Edited and compiled by Eric Corson. Self-published, 2021. 254 pages. $23.95/paperback.

This book gives some history of the Philadelphia-based nonprofit Prisoner Visitation and Support (PVS), in particular recounting its origins in 1968 when Friends and others who were visiting conscientious objectors in prison were told by those same COs that other prisoners needed visitors more than they themselves did. These included inmates rejected by their families as well as those whose families lived too far away for visits to be affordable. Many inmates had seen no one besides fellow prisoners and prison personnel for years or even decades. As a result, an interfaith witness began in 1972 with permission from the Federal Bureau of Prisons to allow visitation in all federal correctional facilities. In 1975, it was extended to military prisons.

I first met Eric Corson, who was the director of PVS for 40 years, around the year 2000 when I needed to have a better understanding of PVS. I had automatically become a board member when I became the director of the Center on Conscience and War (CCW). Eric and I had a great conversation, and I was very interested in the history of PVS and its work, especially since my late husband had been a criminal trial lawyer. But I quickly realized that traveling to Philadelphia, Pa., for regular board meetings was too much for me, given the large amount of traveling I already did for the center and my having a teenage son. So we agreed that I could ask a volunteer or staff of CCW to go in my stead, and that was that.

To be clear, there are some amazing stories in this book, but I feel it would be stronger with a different voice. The book is exactly as it’s described: a compilation of interviews of PVS volunteers, grouped by the prisons they visited. With the exception of an essay by Steve Landford, a retired warden of Federal Correctional Institution, Lompoc in California, along with a couple of stories of former prisoners (both draft resisters and more conventional inmates) who later became visitors themselves, the stories are very much the same—so much so that you can hear the questions without most of them actually being in the book; in this way, it can feel tedious to read. But as I said, there are amazing stories to be found within the repetition. One that stood out to me was by volunteer Carl Milofsky, who told about a prisoner in the Special Management Unit at U.S. Penitentiary, Lewisburg in Pennsylvania who wrote novels during his long days of 23 hours out of 24 in lockup. He would also call out questions so that the other nearby prisoners would discuss and argue. Whenever the discussion would fade, he would shout out another one.

Another story worth highlighting here comes from Federal Correctional Complex, Florence in Colorado. A prisoner told volunteer Jeannie Giddings that because she had treated him like a human at another prison, he started to think to himself, Why am I acting like an animal? So he began to teach other prisoners to read and write, and he learned to crochet and make toys for children. “The visits from you really changed my life,” he told Giddings.

Speaking of changed lives, I would have preferred that the stories be grouped thematically: for example, how people became visitors (“Someone visited my synagogue.”), fears visitors had (“I felt claustrophobic.”), good days (“We saved his life.” “It was his first visitor in 45 years.”), bad days (“He was murdered.” “He killed himself.”), and reasons for stopping visits.

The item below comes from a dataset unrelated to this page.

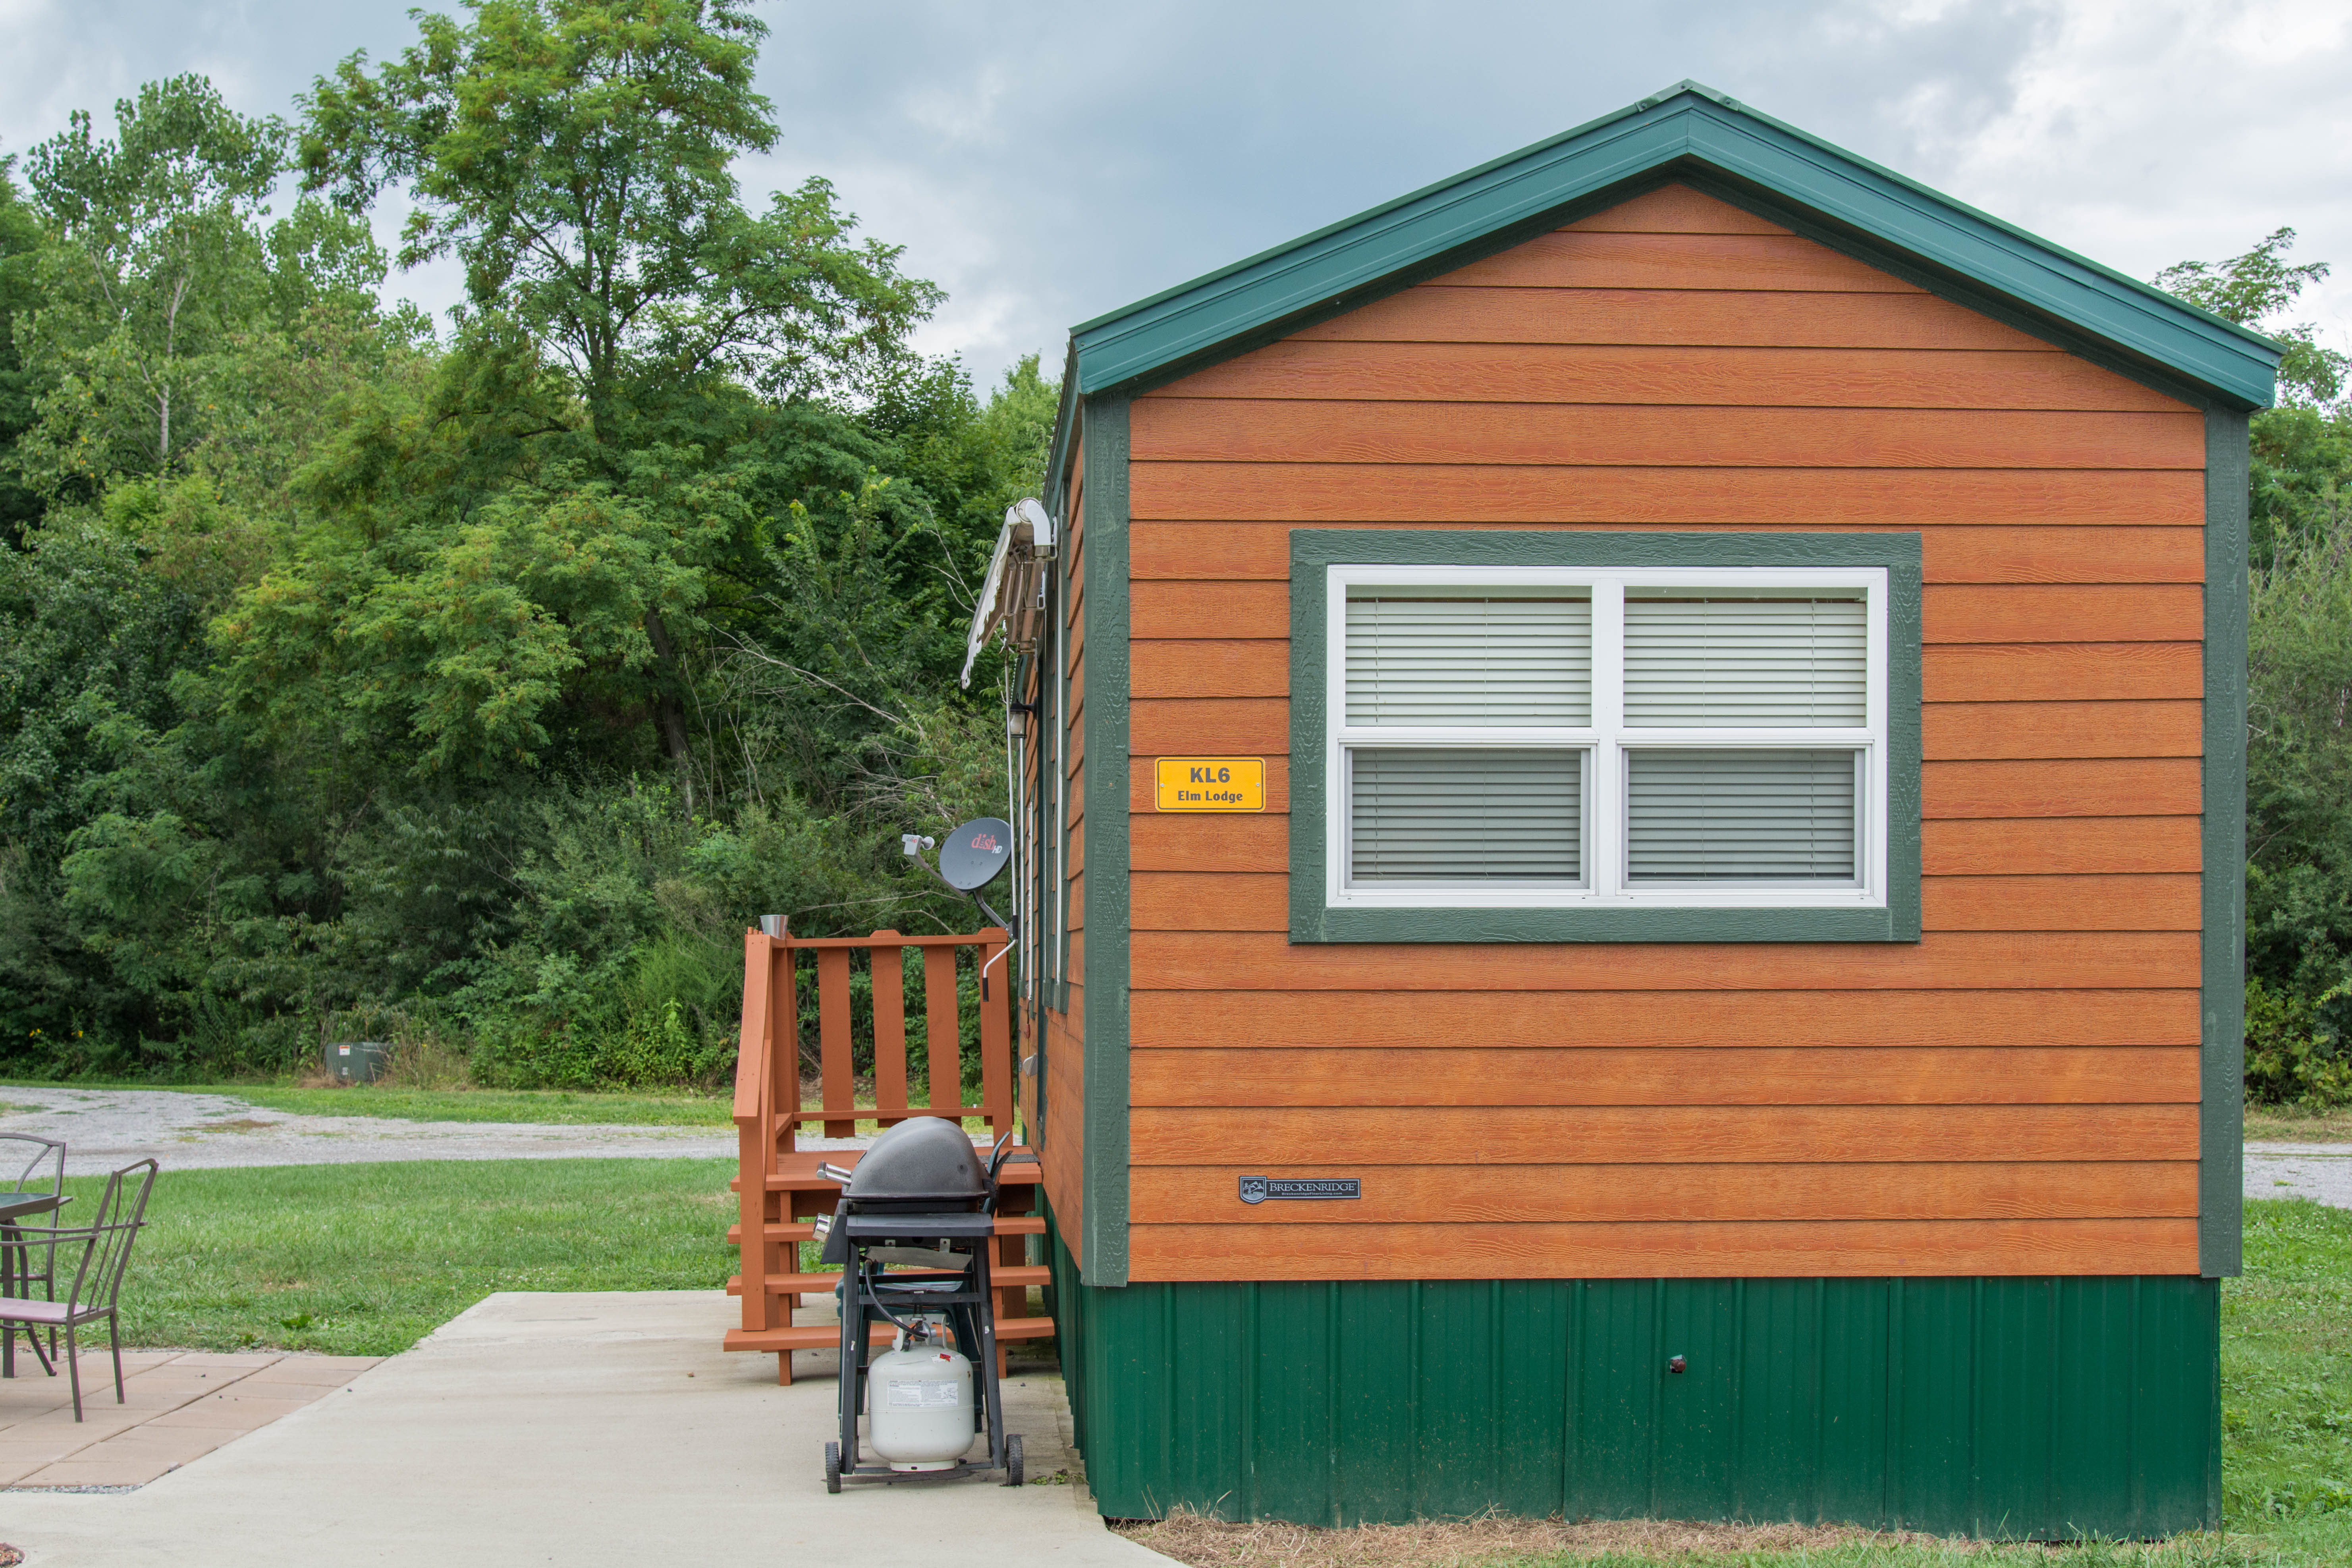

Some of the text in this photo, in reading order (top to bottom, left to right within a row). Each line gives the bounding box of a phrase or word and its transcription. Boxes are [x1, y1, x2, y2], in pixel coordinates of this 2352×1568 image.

[1190, 768, 1230, 783] KL6
[1178, 791, 1243, 803] Elm Lodge
[971, 833, 1003, 854] dish HD
[1269, 1183, 1355, 1191] BRECKENRIDGE

But the most important question—why there should be visits—was answered again and again: because the people in prison are still people, and the visitors are often their only opportunity to be treated as such, to be listened to, and to be seen. That point and those gems of stories made the book a worthwhile read.


J. E. McNeil is a member of Friends Meeting of Washington (D.C.) and an attorney. She has been politically active for more than 50 years, during which she visited clients in prison a number of times. She was executive director of the Center on Conscience and War, and as such, was nominally on the board of Prisoner Visitation and Support.